* Source data
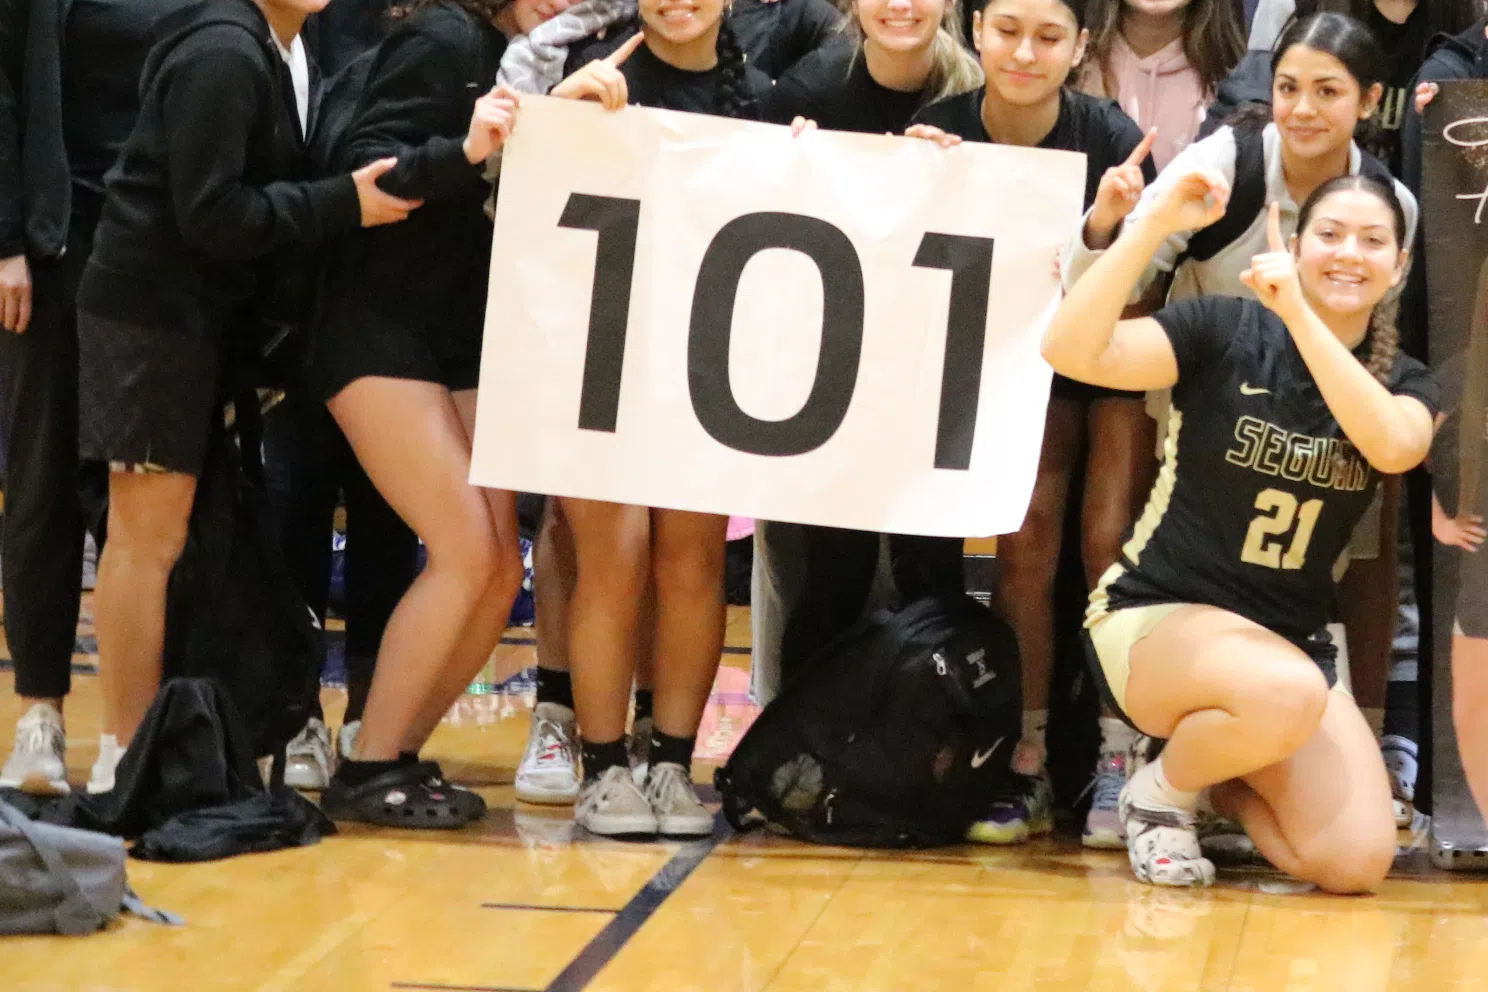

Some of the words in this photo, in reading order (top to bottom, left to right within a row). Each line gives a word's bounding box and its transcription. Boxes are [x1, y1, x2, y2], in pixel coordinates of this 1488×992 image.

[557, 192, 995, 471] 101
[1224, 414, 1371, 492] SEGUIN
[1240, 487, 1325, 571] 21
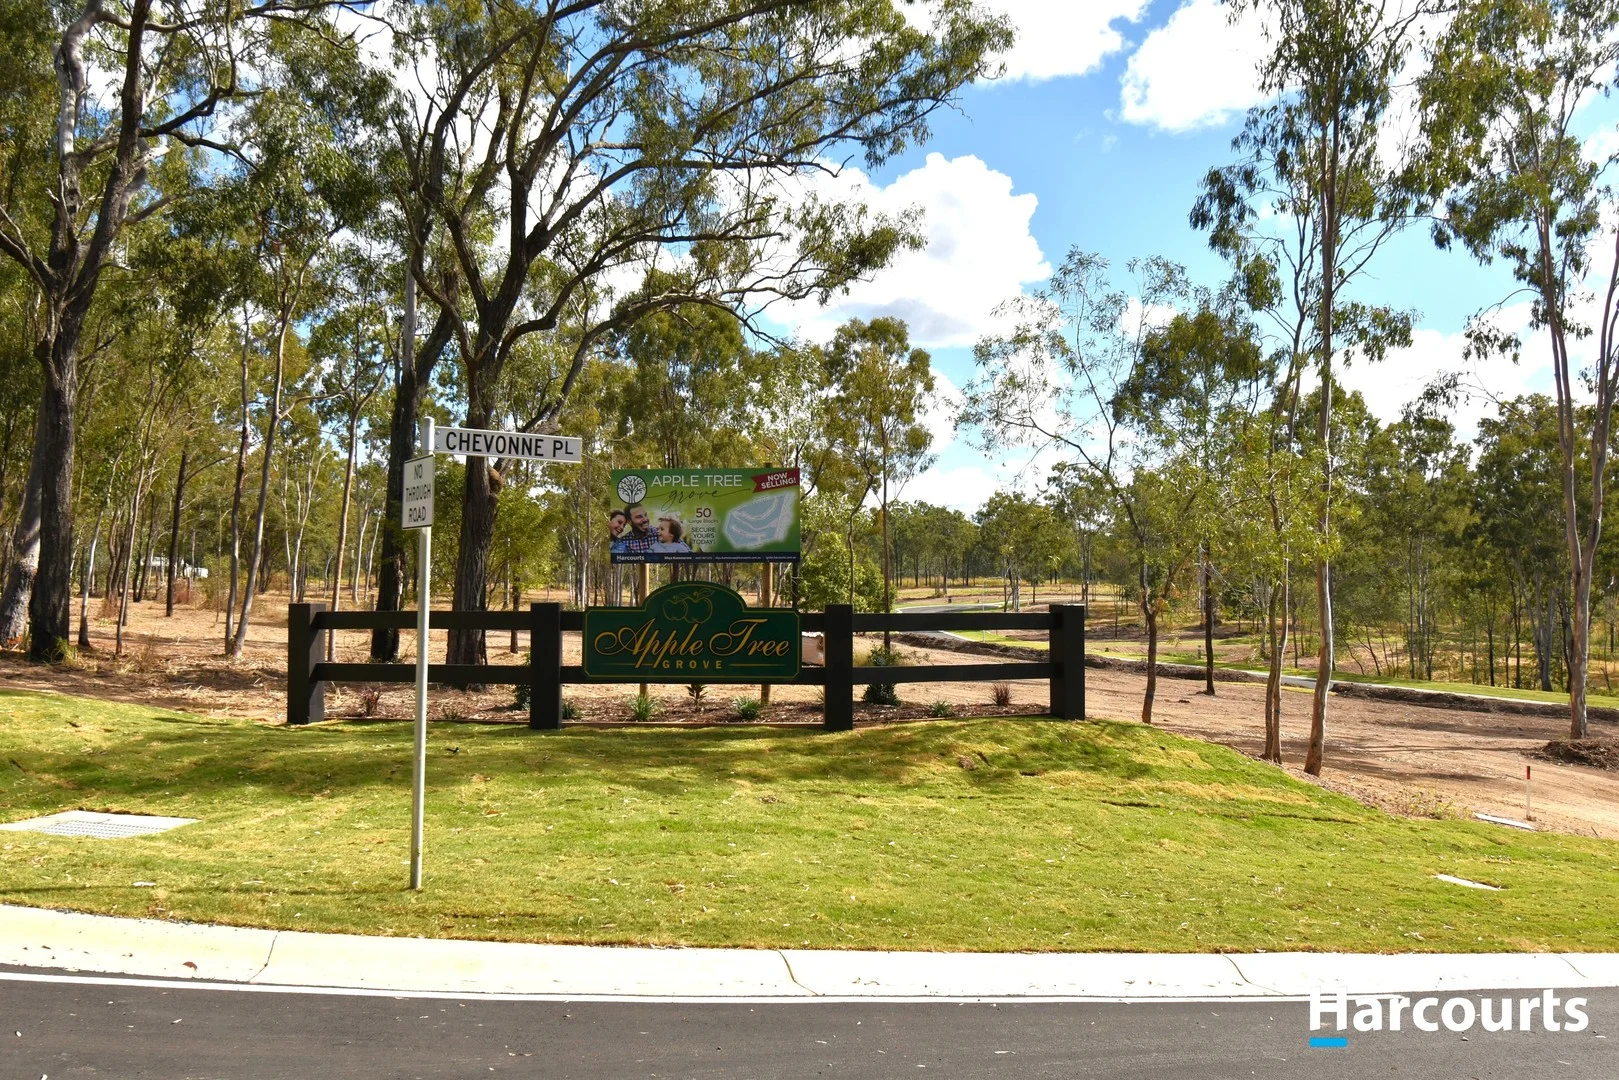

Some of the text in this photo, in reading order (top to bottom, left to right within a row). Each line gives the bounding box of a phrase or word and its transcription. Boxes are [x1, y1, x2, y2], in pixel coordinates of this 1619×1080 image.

* Work to be completed
Leave out the pictures, then return every line of the data exactly.

* Response area
Some of the words in this photo, in reading order (top to bottom, left to right within a row). Each line gives a word's bounding box and its transcription. Boxes are [x1, y1, x2, y2], in pixel coordinates of this 1488×992 image.

[557, 192, 995, 471] 101
[1224, 414, 1371, 492] SEGUIN
[1240, 487, 1325, 571] 21

Some of the text in this photo, in reading order (top to bottom, left to right within a row). Each line gives the bounding box of a phrase or word and its transcription. Boxes are [x1, y1, x2, y2], in pixel coordinates of this 1619×1080 image.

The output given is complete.